SOURCE DATA
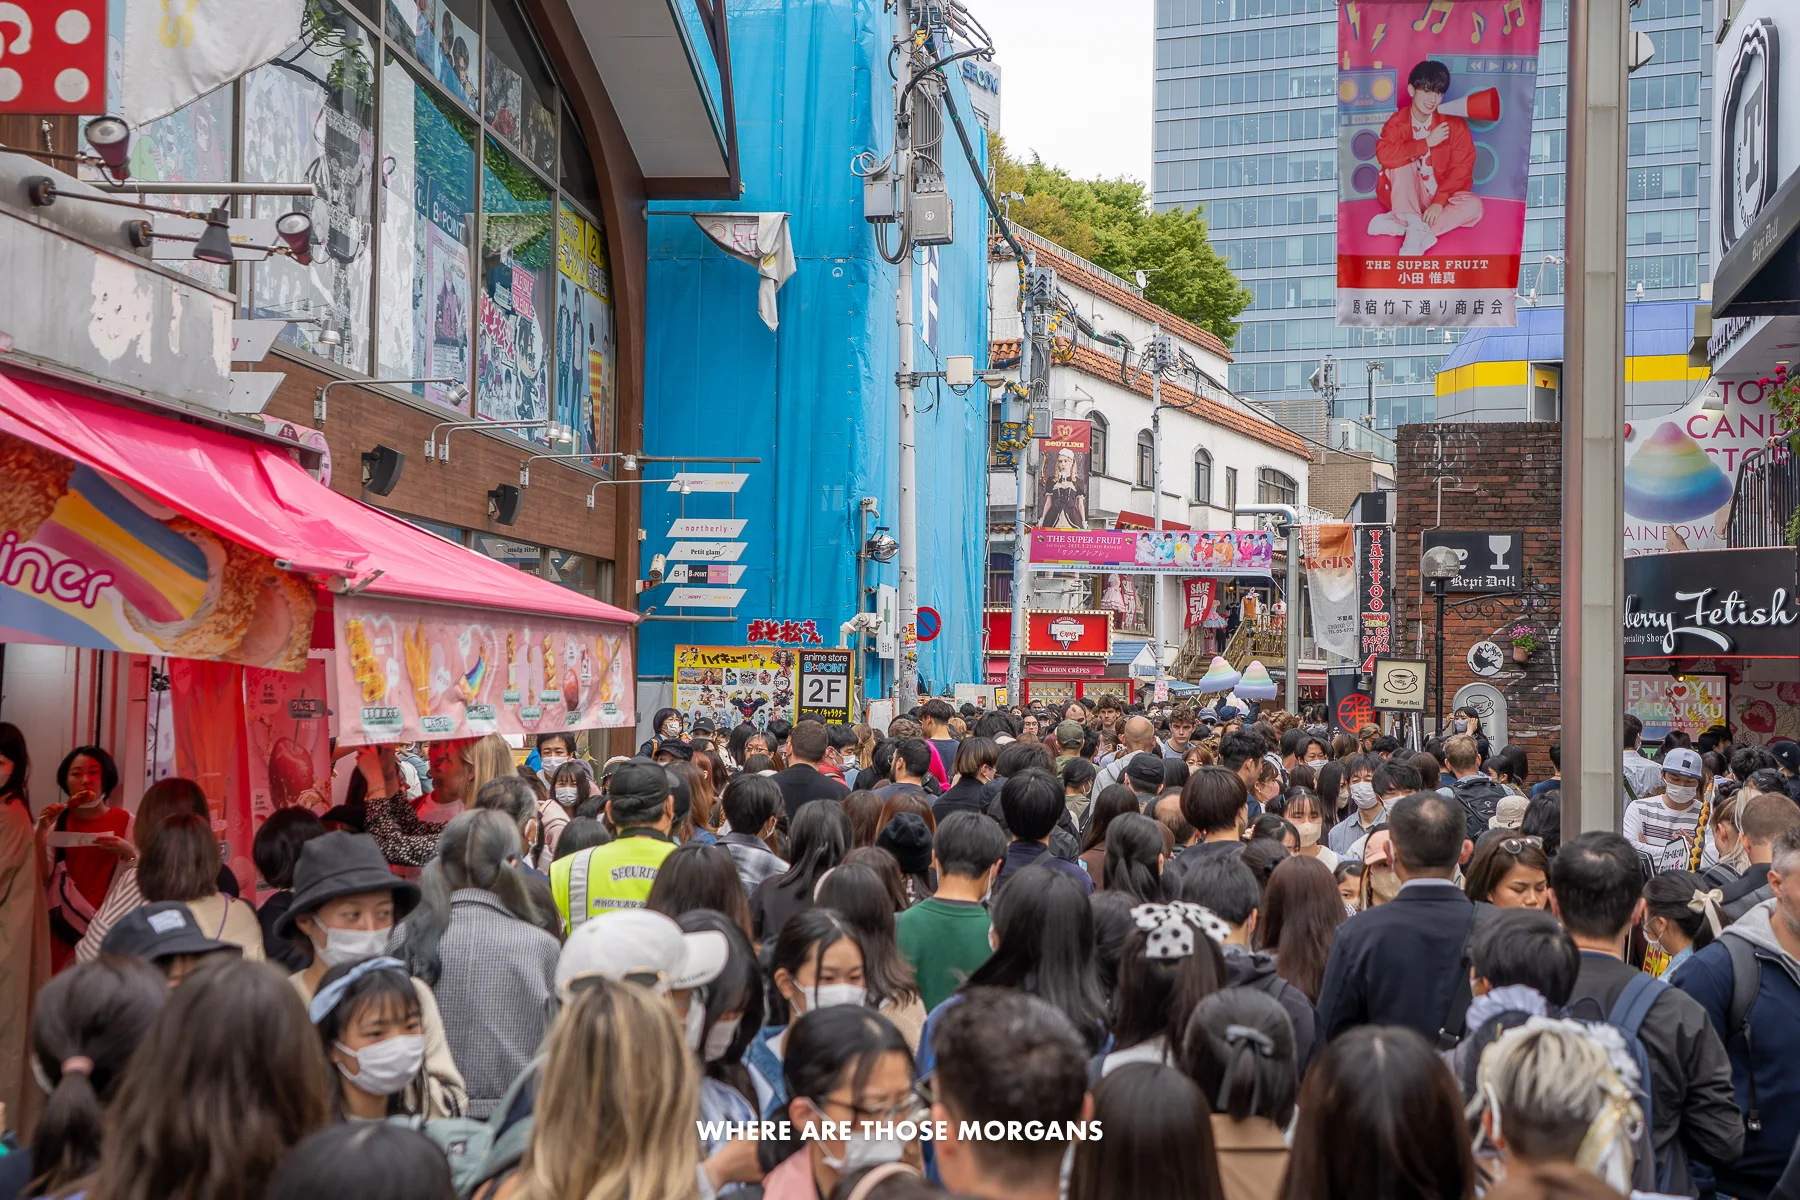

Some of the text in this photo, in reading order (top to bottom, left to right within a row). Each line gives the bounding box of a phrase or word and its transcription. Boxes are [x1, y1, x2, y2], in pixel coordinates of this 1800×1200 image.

[963, 60, 998, 95] SECOM
[1366, 259, 1489, 270] THE SUPER FRUIT
[1398, 272, 1424, 284] 小田
[1353, 299, 1503, 315] 原宿竹下通り商店会
[685, 524, 728, 533] northerly
[1624, 525, 1714, 541] AINBOW
[1047, 535, 1065, 543] THE
[705, 549, 720, 557] glam
[1190, 582, 1210, 595] SALE
[1675, 587, 1797, 626] Fetish
[746, 618, 823, 645] おそ松さん
[1375, 627, 1389, 636] 03
[1362, 636, 1389, 645] 3497
[1624, 633, 1664, 645] peciality Shop
[804, 653, 848, 662] anime store
[808, 678, 842, 703] 2F
[1627, 702, 1722, 719] HARAJUKU
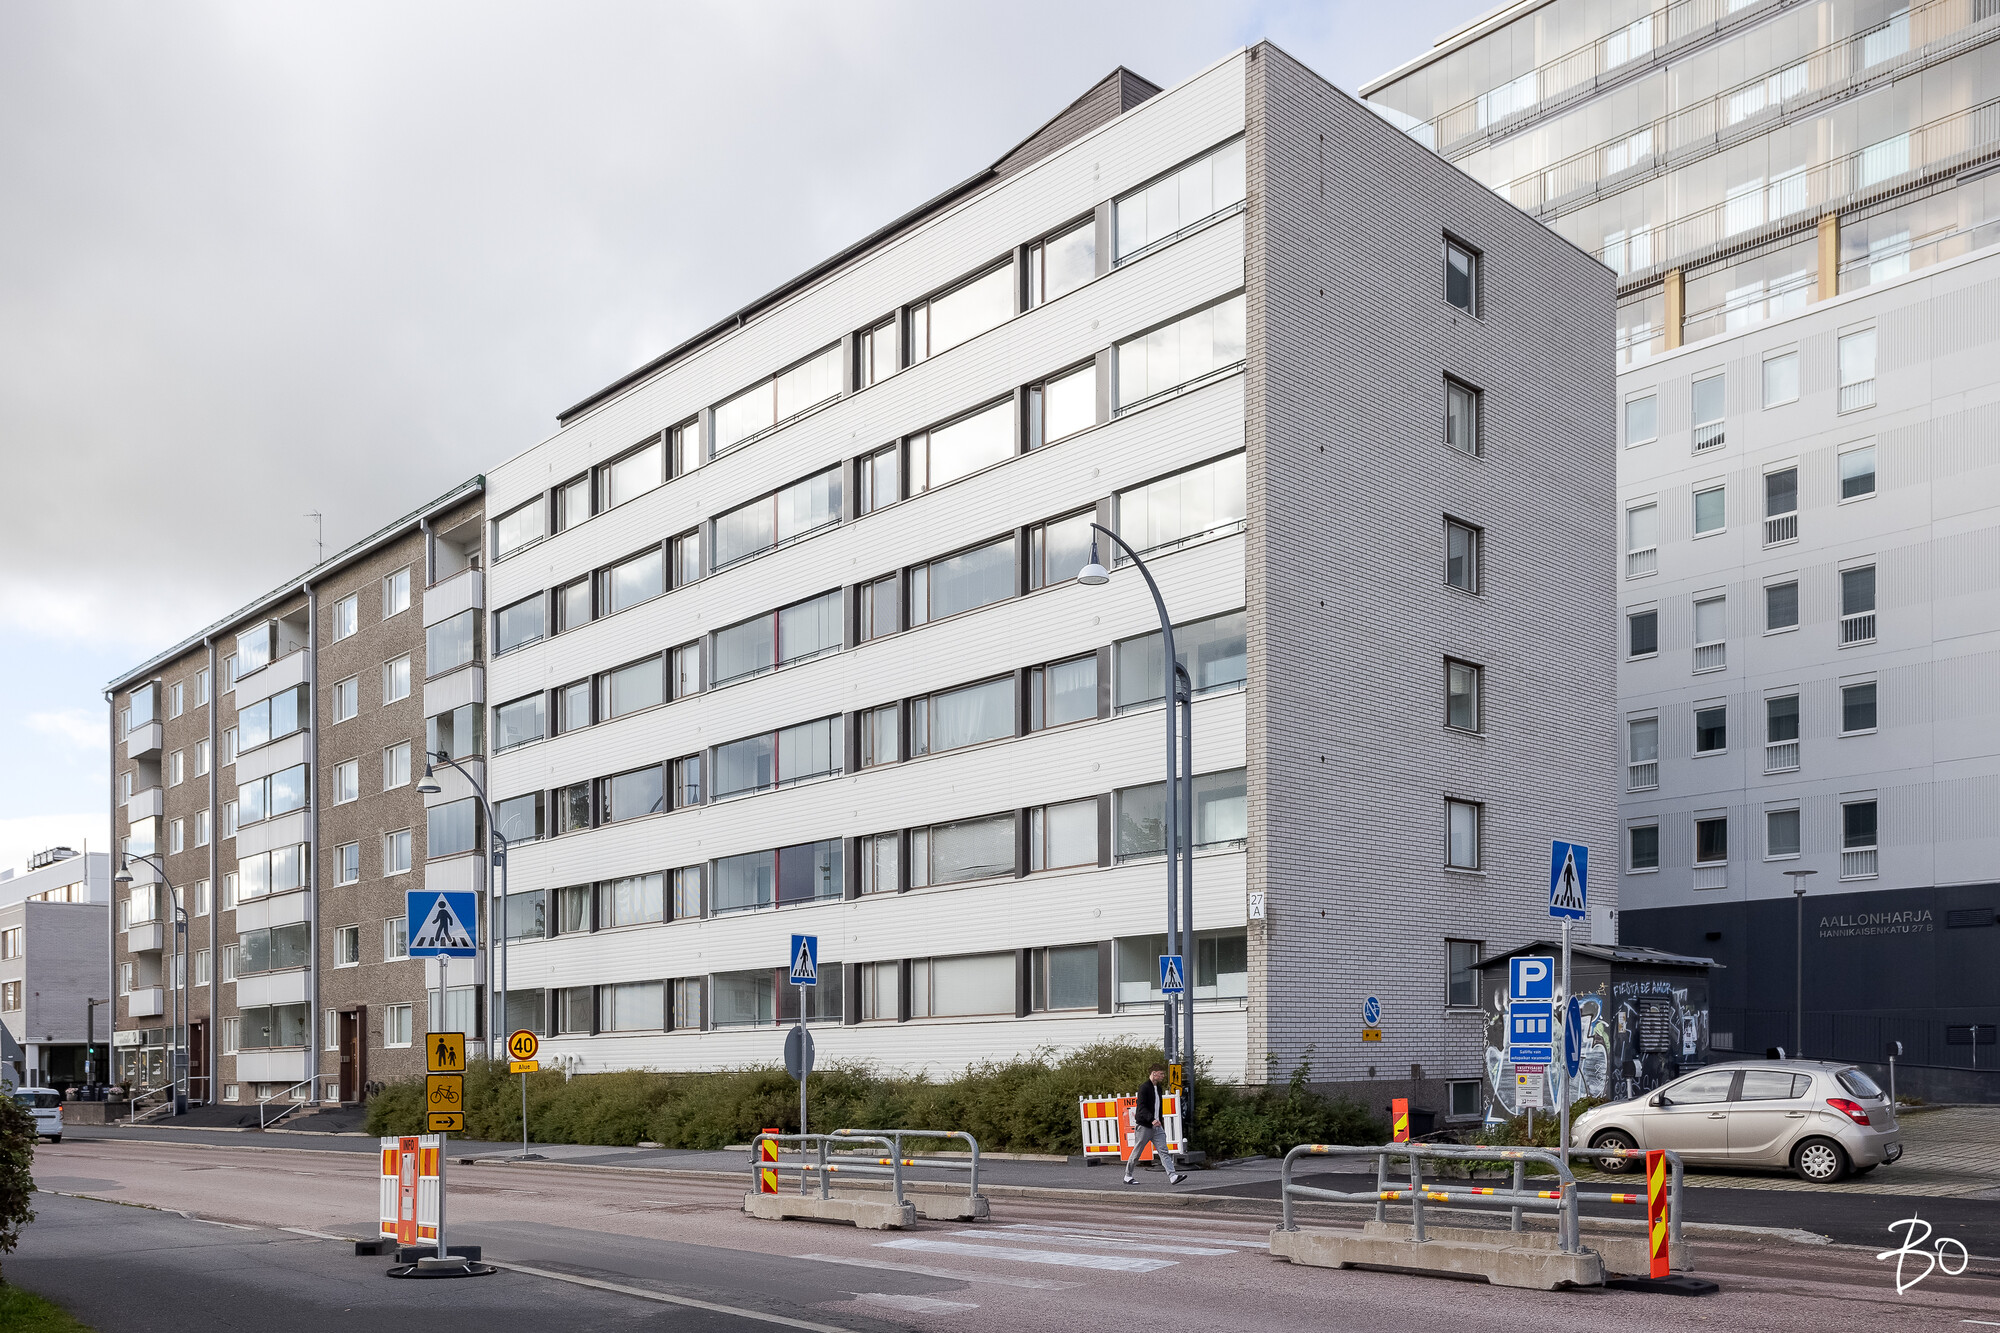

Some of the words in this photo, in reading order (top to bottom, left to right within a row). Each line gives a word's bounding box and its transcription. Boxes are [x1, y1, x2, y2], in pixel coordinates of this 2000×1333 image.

[1251, 894, 1263, 906] 27
[1253, 906, 1261, 917] A
[1819, 909, 1933, 928] AALLONHARJA
[1819, 925, 1910, 938] HANNIKAISENKATU
[1911, 924, 1924, 933] 27
[1926, 923, 1934, 932] B
[1518, 960, 1548, 997] P
[1613, 981, 1640, 997] FIESTA
[1640, 982, 1651, 994] DE
[1651, 980, 1672, 995] AMOR
[513, 1037, 533, 1054] 40
[1123, 1098, 1138, 1106] INF
[402, 1138, 414, 1151] INFO

EXERCISE DESCRIPTION
From the line containing "Some of the words" down to the last line of the records above, print every line exactly, with both ends kept.

RESPONSE AREA
Some of the words in this photo, in reading order (top to bottom, left to right within a row). Each line gives a word's bounding box and its transcription. Boxes are [x1, y1, x2, y2], in pixel coordinates of this 2000×1333 image.

[1251, 894, 1263, 906] 27
[1253, 906, 1261, 917] A
[1819, 909, 1933, 928] AALLONHARJA
[1819, 925, 1910, 938] HANNIKAISENKATU
[1911, 924, 1924, 933] 27
[1926, 923, 1934, 932] B
[1518, 960, 1548, 997] P
[1613, 981, 1640, 997] FIESTA
[1640, 982, 1651, 994] DE
[1651, 980, 1672, 995] AMOR
[513, 1037, 533, 1054] 40
[1123, 1098, 1138, 1106] INF
[402, 1138, 414, 1151] INFO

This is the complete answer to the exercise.